Only the closing portion of the entries is to be reproduced: the line containing "Some of the words" through the very last line, exactly as written.

§ **DATASET RECORDS**:
○ ○ ○ ○ ○ ○ ○

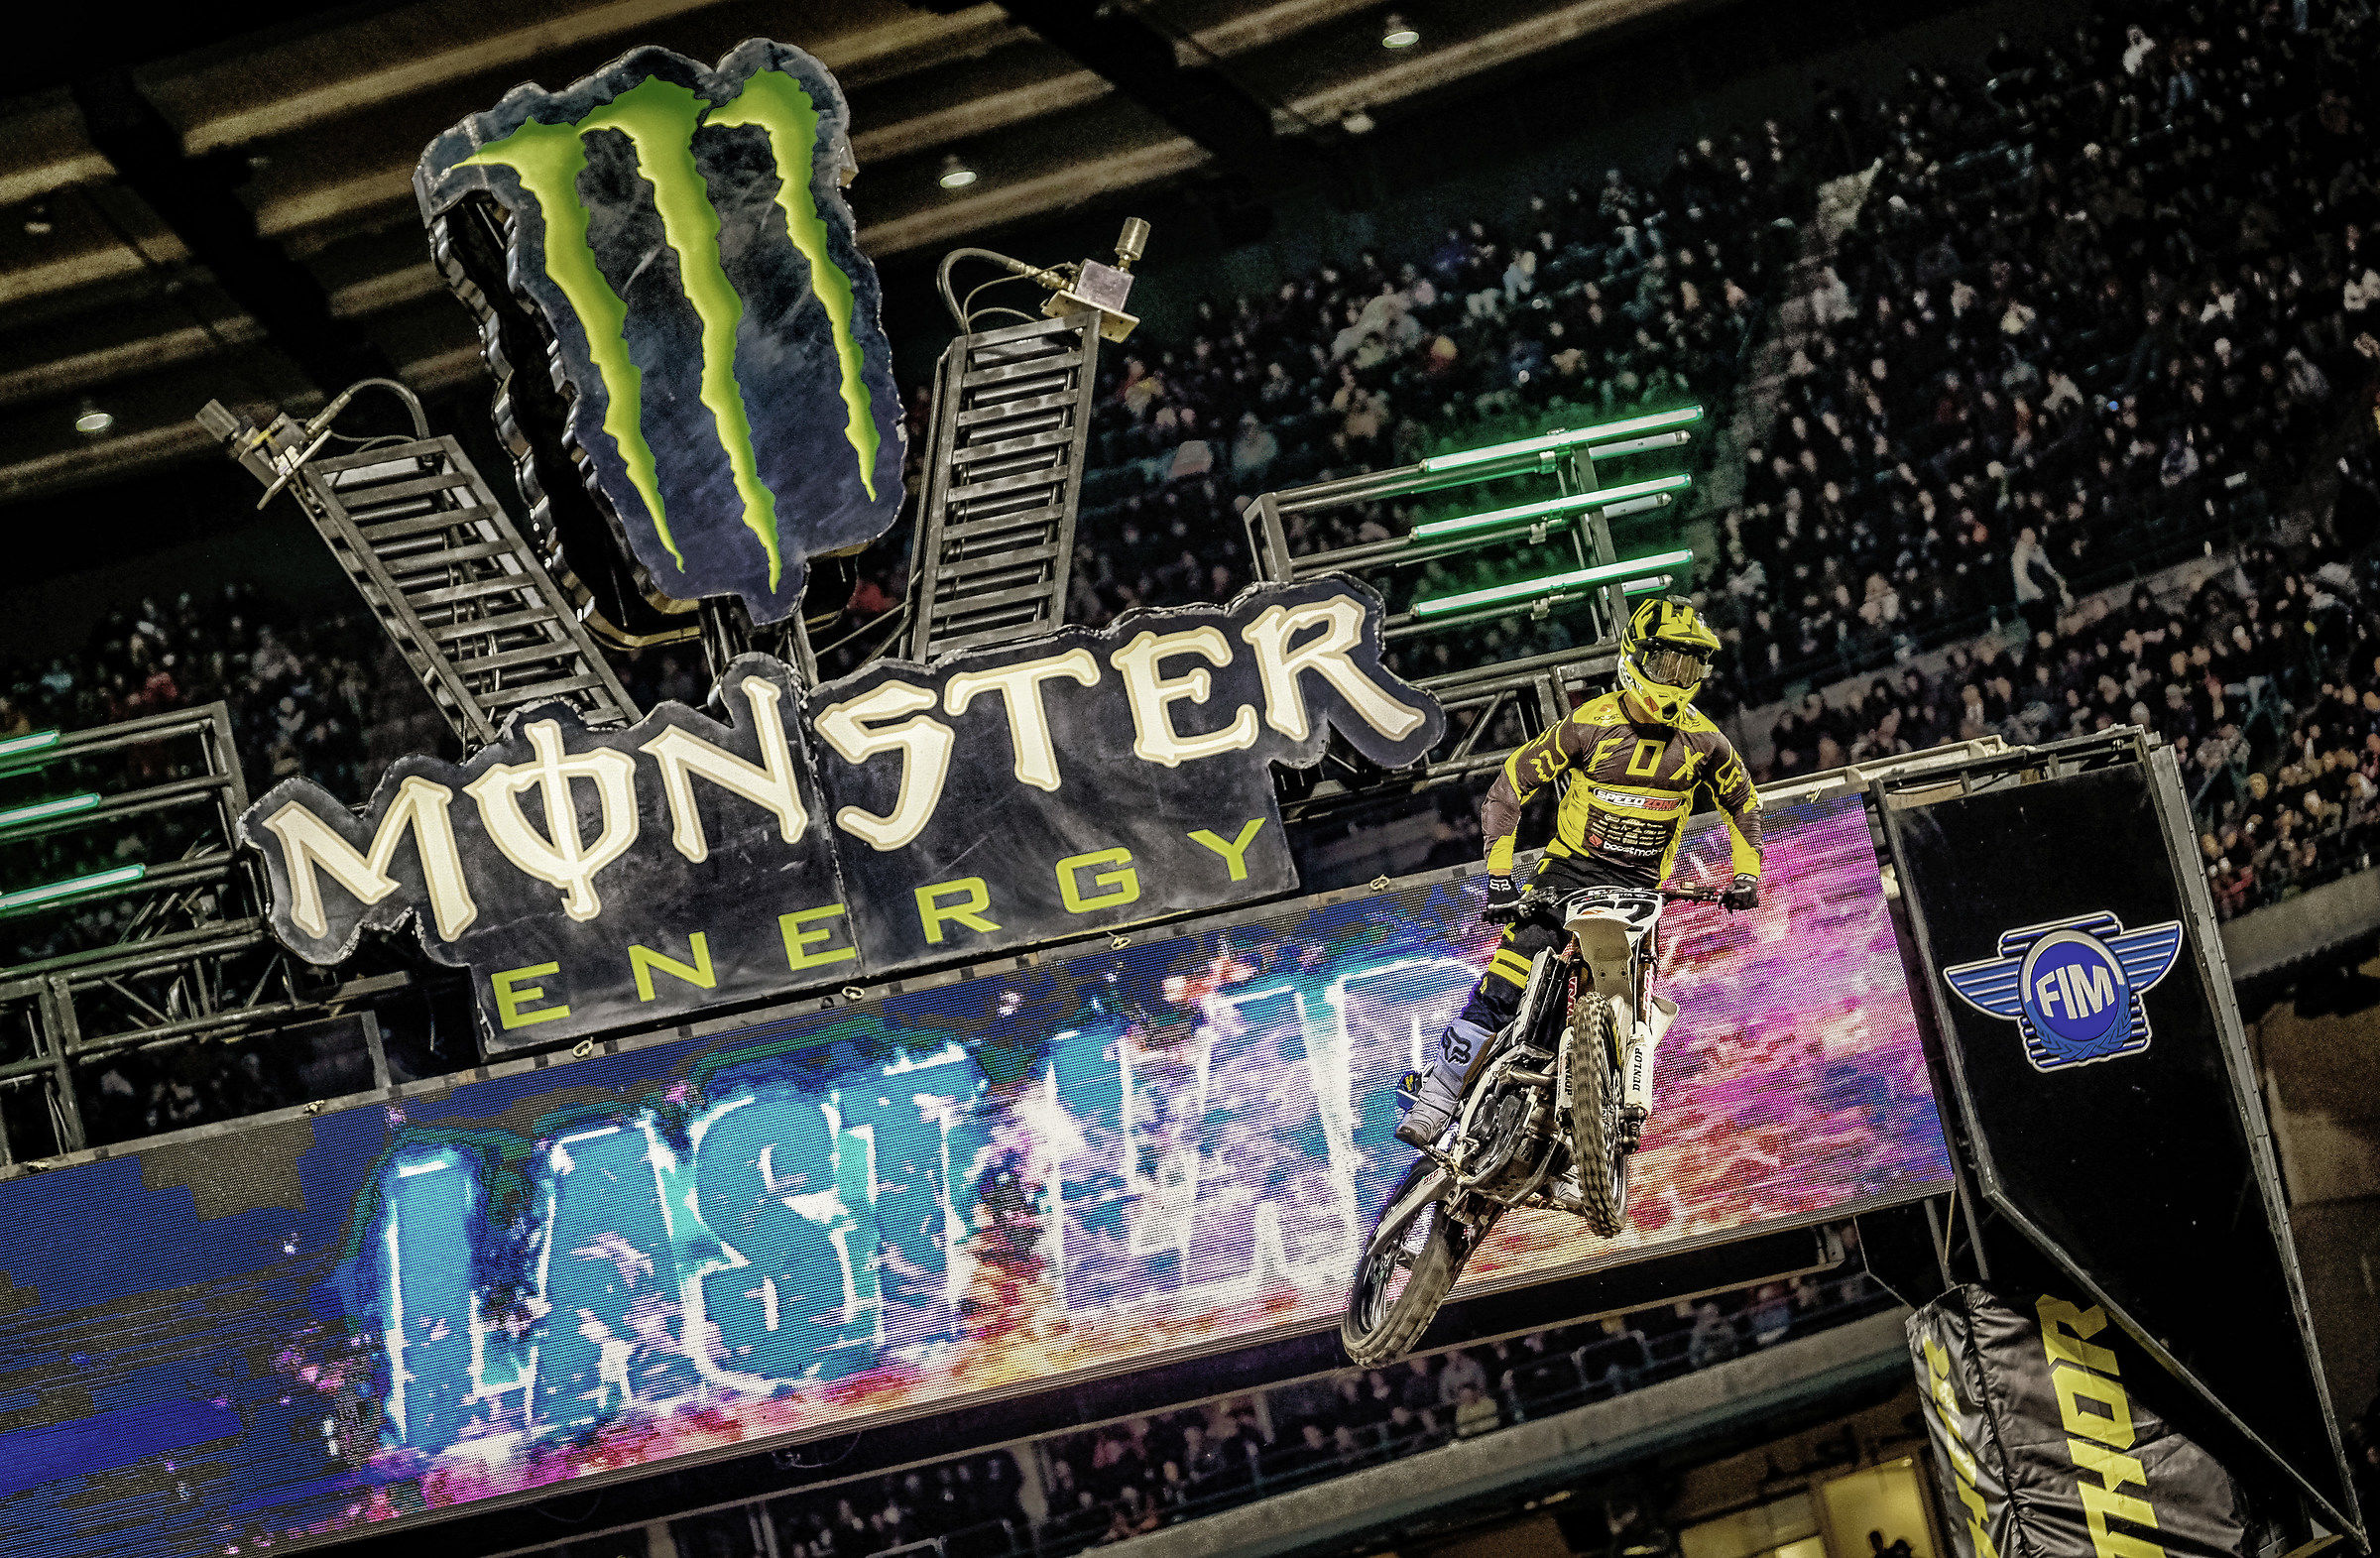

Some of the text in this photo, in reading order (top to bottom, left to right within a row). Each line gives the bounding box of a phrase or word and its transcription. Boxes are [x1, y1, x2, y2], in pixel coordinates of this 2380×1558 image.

[263, 593, 1425, 941] MONSTER
[1589, 737, 1705, 780] FOX
[491, 818, 1266, 1029] ENERGY
[2036, 964, 2115, 1019] FIM
[1631, 1047, 1644, 1092] DUNLOP
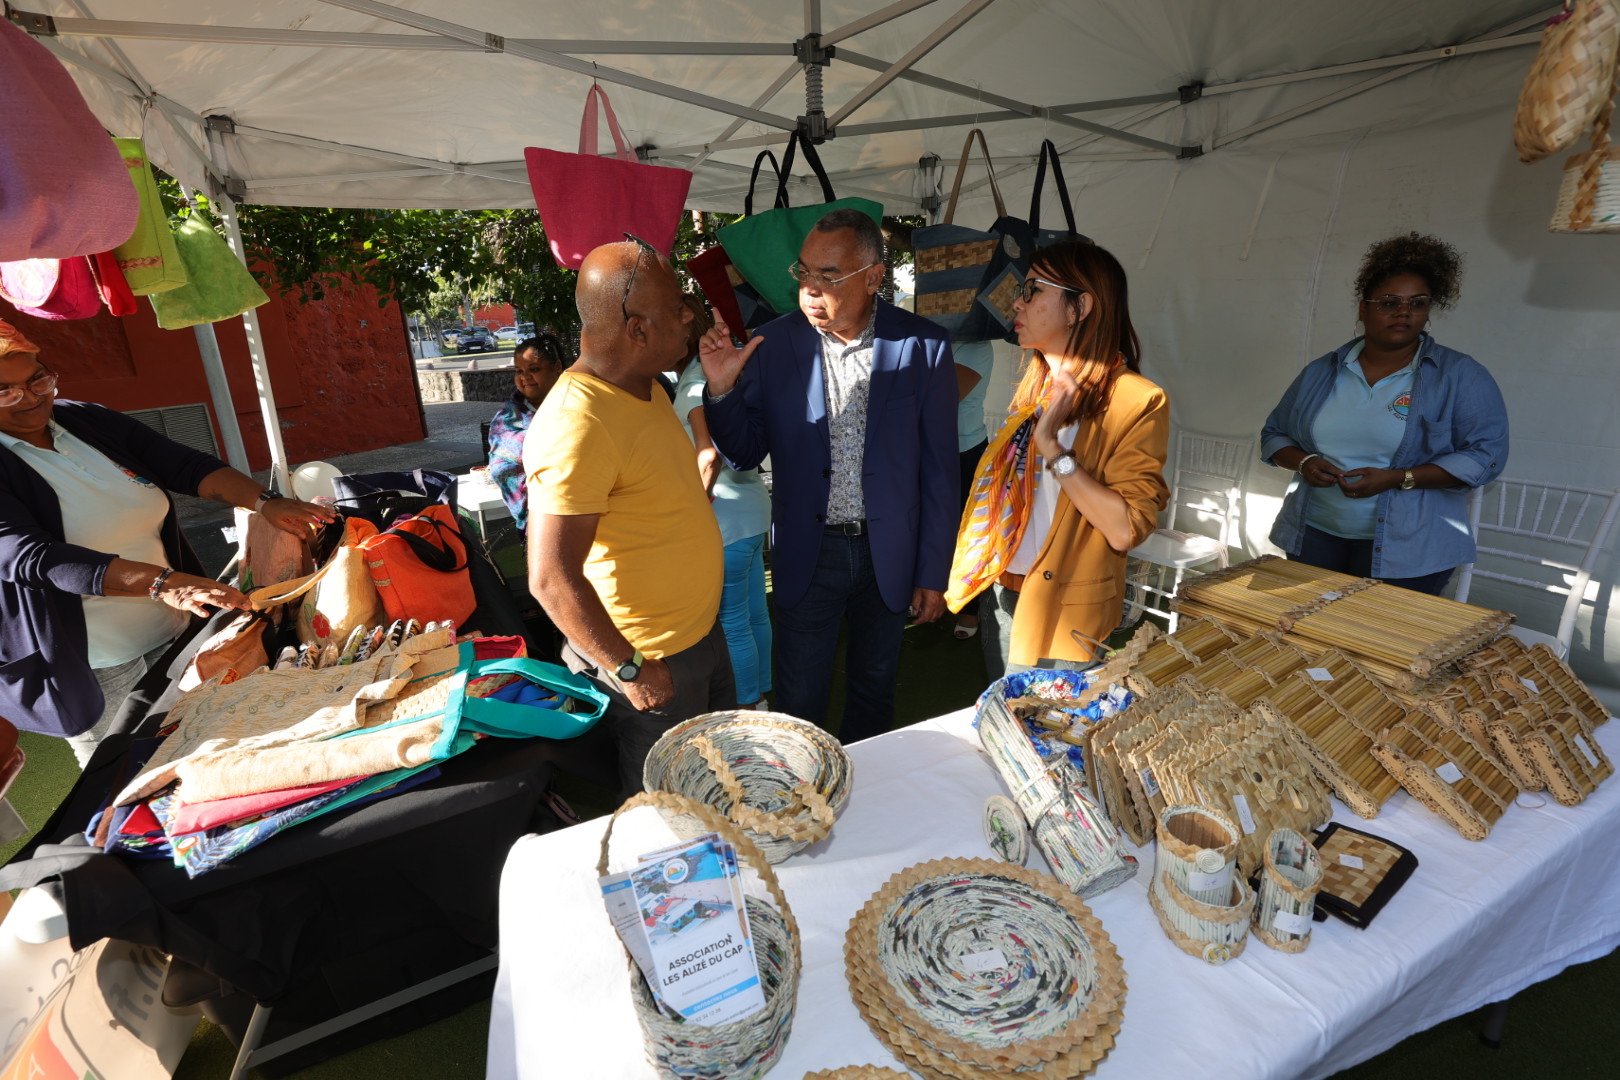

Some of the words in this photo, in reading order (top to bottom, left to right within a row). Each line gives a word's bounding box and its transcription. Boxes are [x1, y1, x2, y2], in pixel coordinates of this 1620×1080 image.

[663, 973, 680, 987] LES
[682, 959, 708, 978] ALIZÉ
[708, 954, 723, 966] DU
[724, 944, 743, 959] CAP
[669, 935, 732, 971] ASSOCIATION

○ ○ ○ ○ ○ ○ ○

§ **SOLUTION TO THIS PROBLEM**:
Some of the words in this photo, in reading order (top to bottom, left to right within a row). Each line gives a word's bounding box and its transcription. Boxes are [x1, y1, x2, y2], in pixel coordinates of this 1620×1080 image.

[663, 973, 680, 987] LES
[682, 959, 708, 978] ALIZÉ
[708, 954, 723, 966] DU
[724, 944, 743, 959] CAP
[669, 935, 732, 971] ASSOCIATION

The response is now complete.